Voltage is a form of energy and thus

primal. Current is a numerical count

of charge packets moved by applied

energy. It is thus consequential.

.

The Lone Arrange

Dear Barrie Gilbert,

I have no doubt that the voltage is what determines the current... and I constantly use this fact... including today's laboratory exercise on semiconductor devices...

But in some examples of "current sources" (charged inductor, current circulating through a superconductive loop, nonelectrical - charged flywheel putting in motion a car...) it is not clear where the internal exciting voltage is...

It seems, in the case of the charged inductor, the accumulated magnetic energy is the "voltage"... but what does make the current circulate through the superconductive loop? Maybe a kind of "inertness"... like in the case of the charged flywheel... or a pendulum passing through the zero position?

(Maybe I will have to practice the latter with the cradles of playgrounds... because my little grandson has grown up enough:)

.

Cyril:

.

See -

https://en.wikipedia.org/wiki/Persistent_current#Persistent_currents_in_superconductors

.

The Lone Arranger

Energy is always at the beginning :-)

It is the prime mover.

Interesting... though not so comprehensible for an ordinary person... Maybe Nikolai can help...

I am most impressed by the persistent mode of a superconducting magnet:

https://en.wikipedia.org/wiki/Superconducting_magnet#Persistent_mode

At first glance it seems to be a perpetual motion machine:) ... but then we see that energy is required to maintain the absolute zero temperature...
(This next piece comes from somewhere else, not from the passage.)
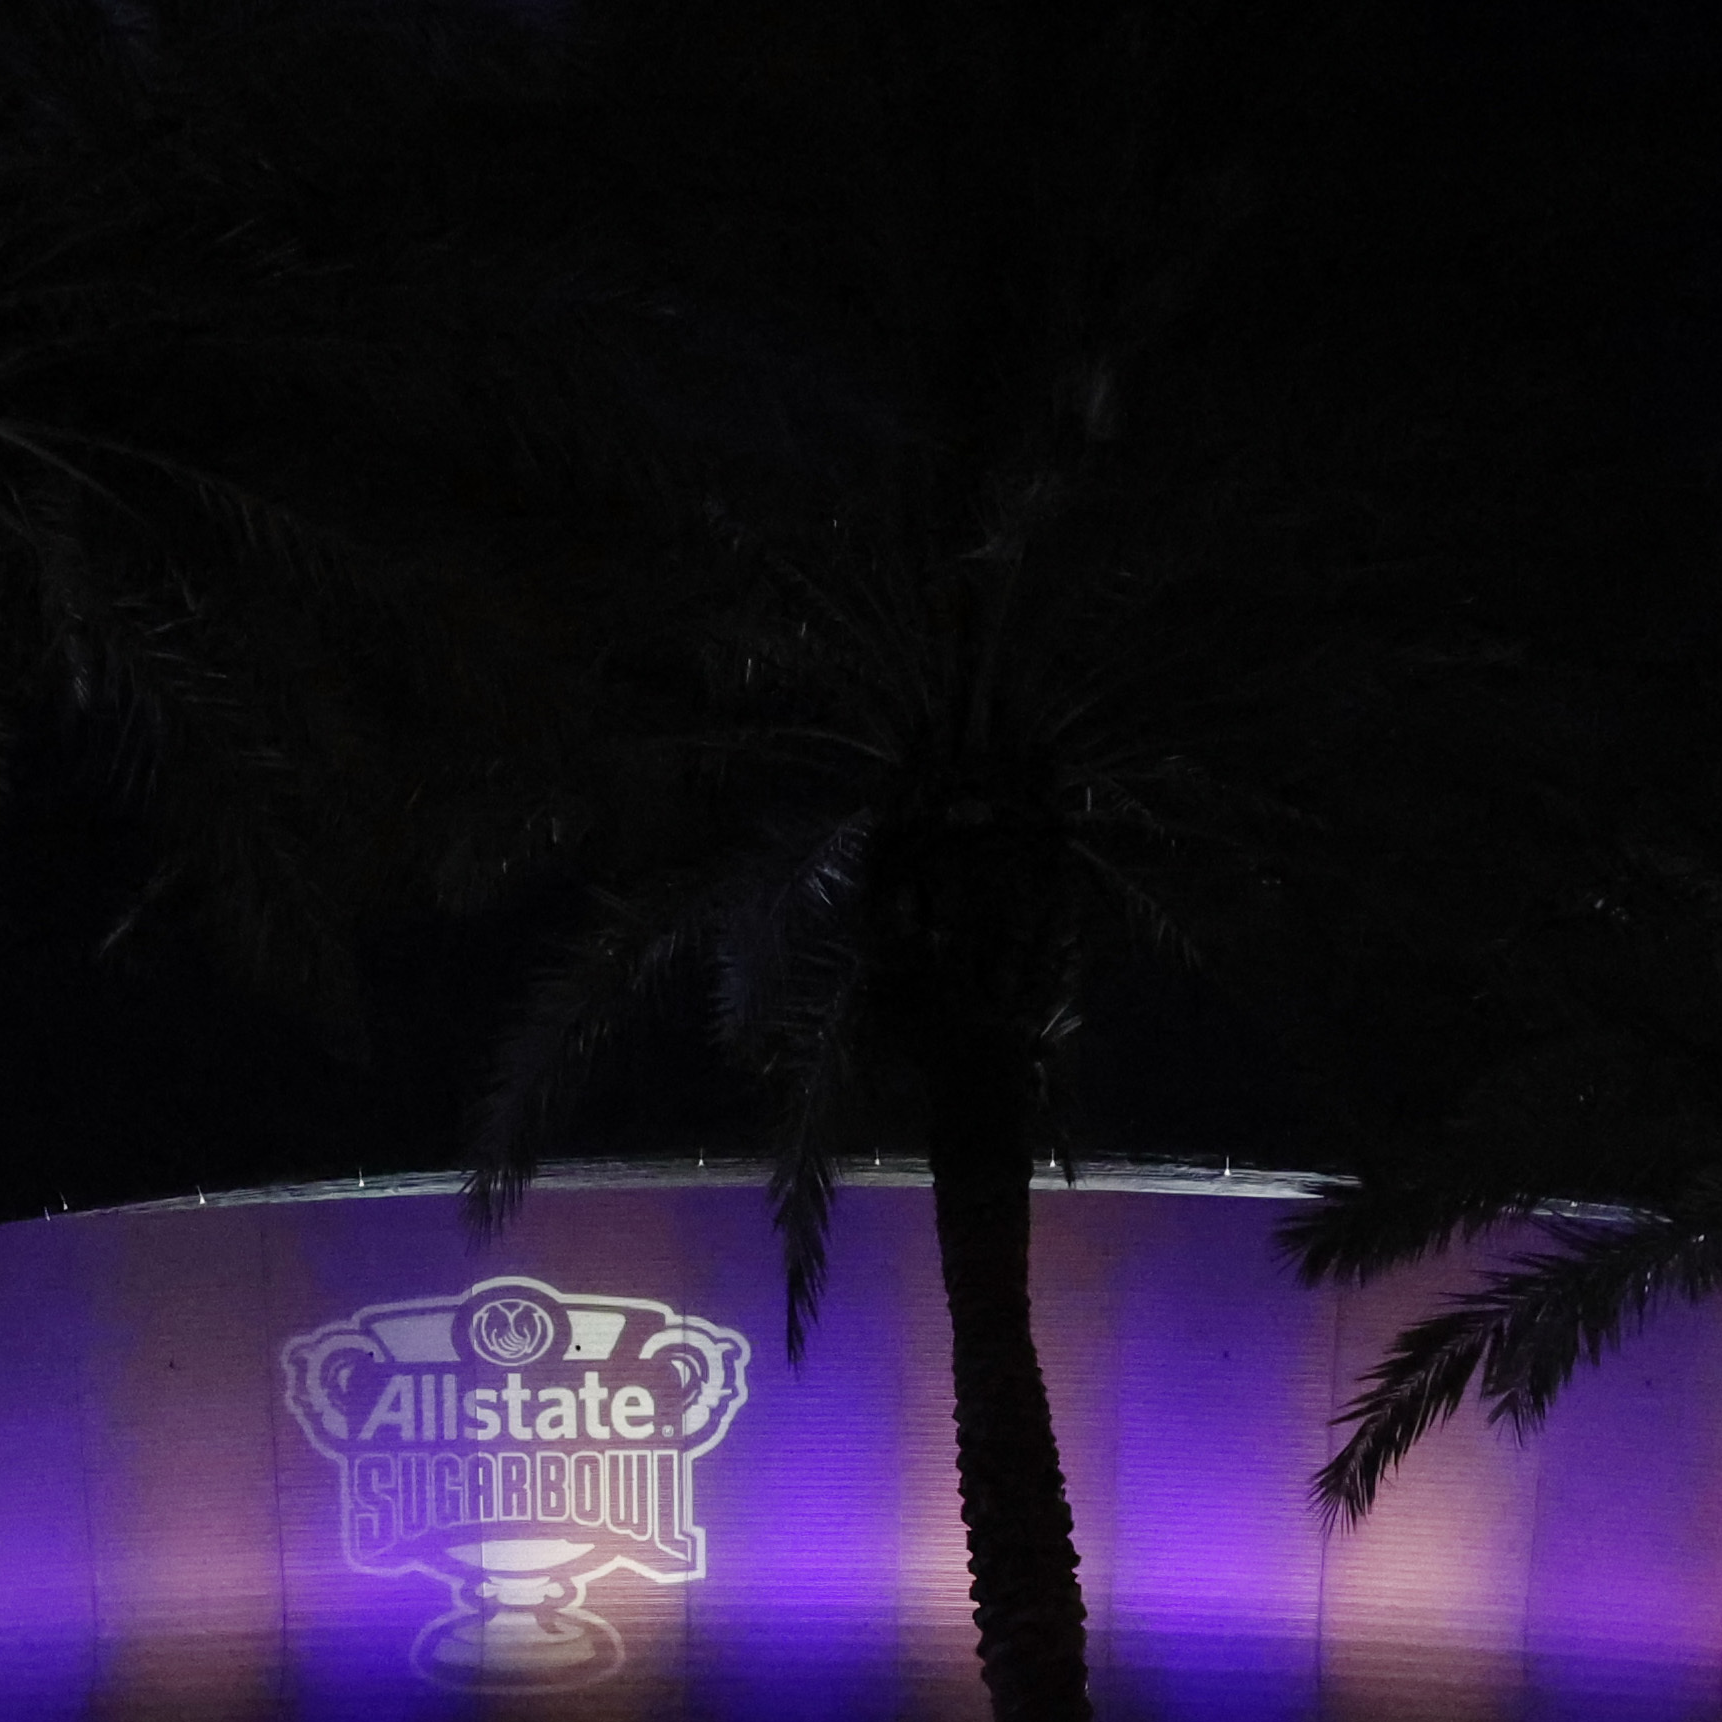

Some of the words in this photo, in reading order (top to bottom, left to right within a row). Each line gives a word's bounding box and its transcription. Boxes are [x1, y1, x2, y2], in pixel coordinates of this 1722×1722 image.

[357, 1372, 656, 1440] Allstate
[354, 1451, 532, 1554] SUGAR
[536, 1450, 693, 1563] BOWL
OK, then let's seek for another reason it not to be a perpetual motion machine:)

Perhaps it is such a machine only until we try to consume energy from it... to load it... as in the case of a freely moving body...

So, if we insert a resistor in the cuperconductive loop, in the first moment, a voltage drop will appears across it... and then both the current and drop will dissappear...

Then the next powerful idea (I name it "artificial superconductance" or "active superconductance":) can help:

We connect an additional voltage source with V = R.I in series with the resistor to compensate the losses in the resistor.

The op-amp in inverting configurations does exactly this work.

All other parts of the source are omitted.